Task directions ->
Omit any picture, and return the remaining data exactly as written.
+++
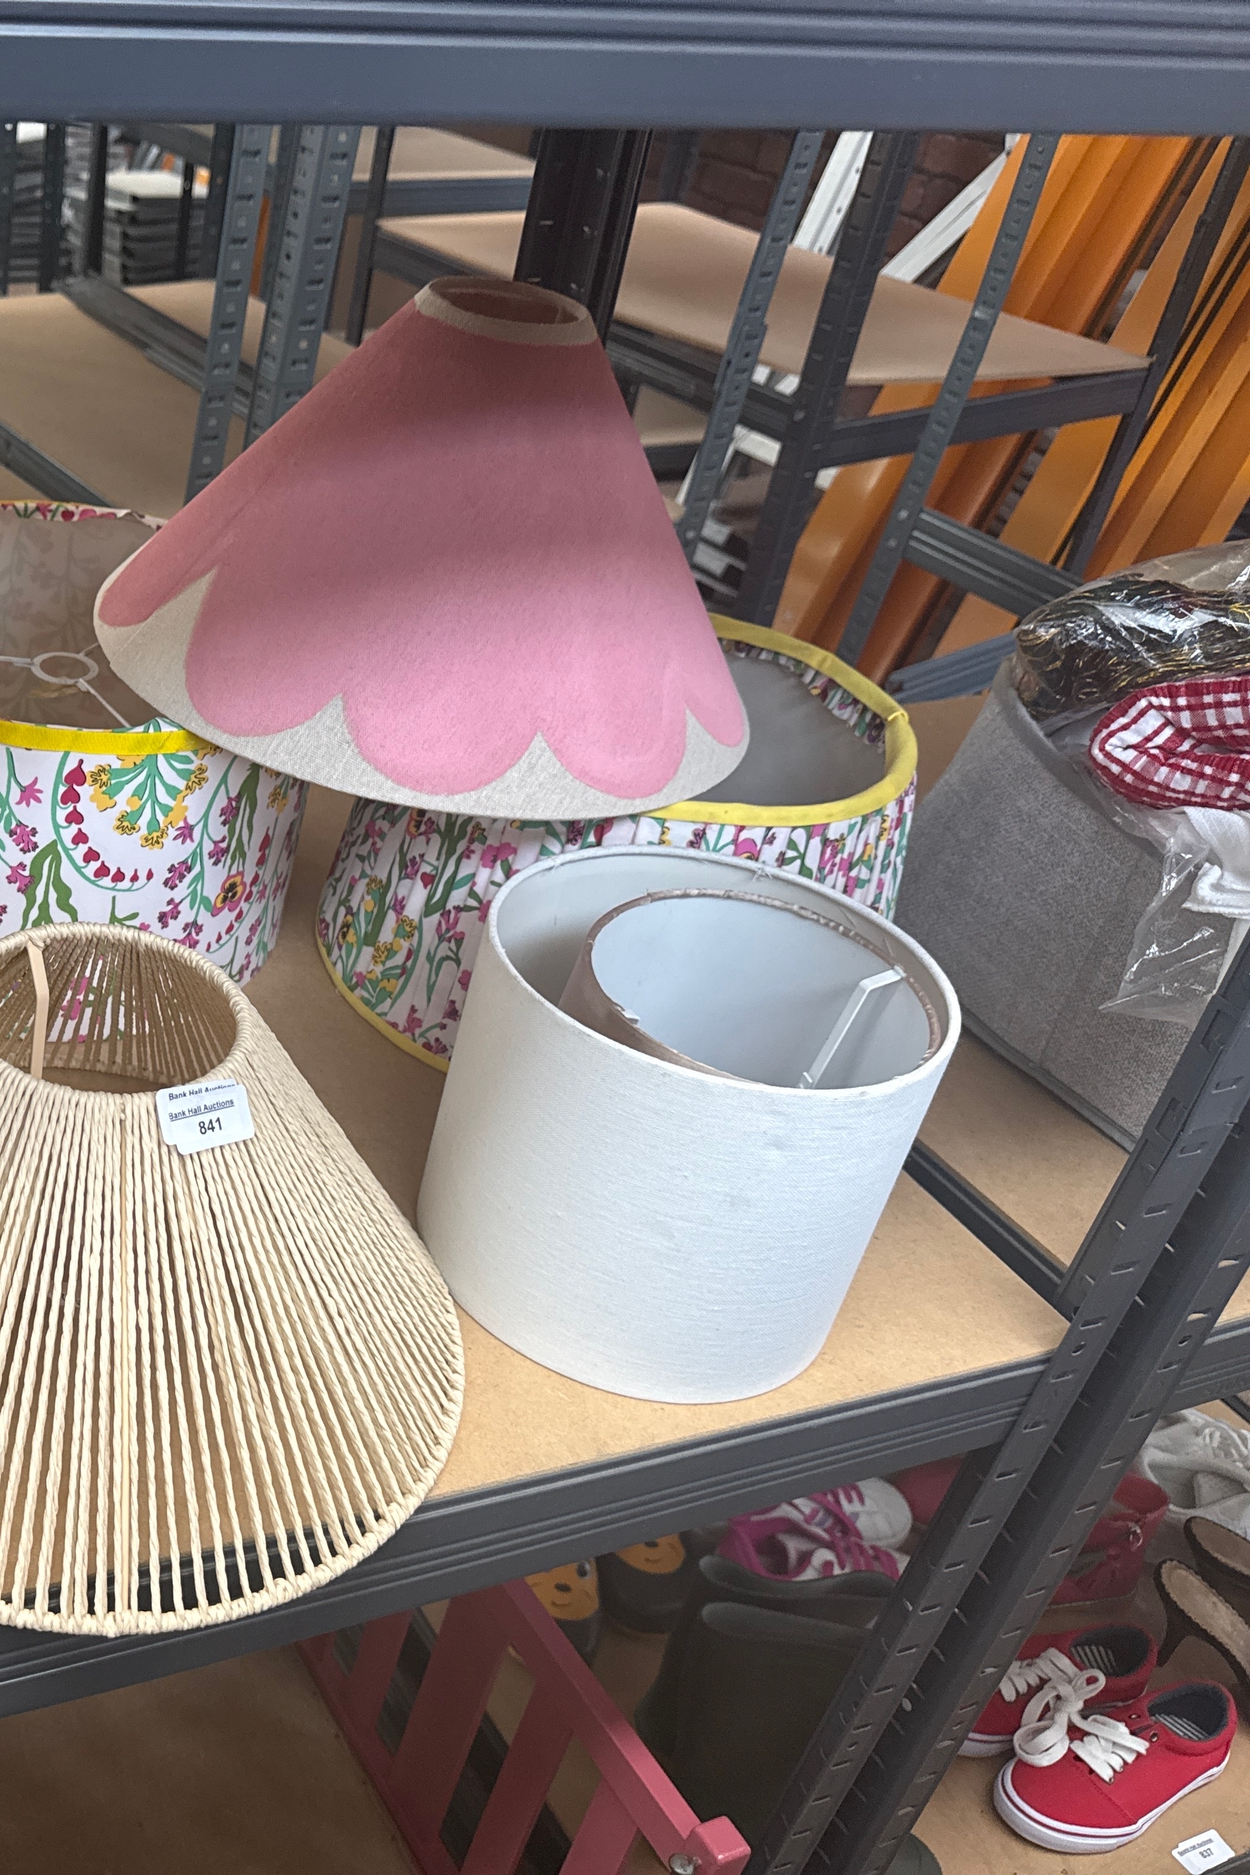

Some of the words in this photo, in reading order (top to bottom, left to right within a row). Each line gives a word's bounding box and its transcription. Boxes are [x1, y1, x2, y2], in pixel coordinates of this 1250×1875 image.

[168, 1092, 187, 1100] Bank
[189, 1088, 202, 1096] Hall
[168, 1110, 186, 1120] Bank
[188, 1106, 202, 1115] Hall
[203, 1099, 234, 1111] Auctions
[198, 1117, 222, 1135] 841
+++
Result for this task ->
Some of the words in this photo, in reading order (top to bottom, left to right within a row). Each line gives a word's bounding box and its transcription. Boxes are [x1, y1, x2, y2], in pixel coordinates of this 1250×1875 image.

[168, 1092, 187, 1100] Bank
[189, 1088, 202, 1096] Hall
[168, 1110, 186, 1120] Bank
[188, 1106, 202, 1115] Hall
[203, 1099, 234, 1111] Auctions
[198, 1117, 222, 1135] 841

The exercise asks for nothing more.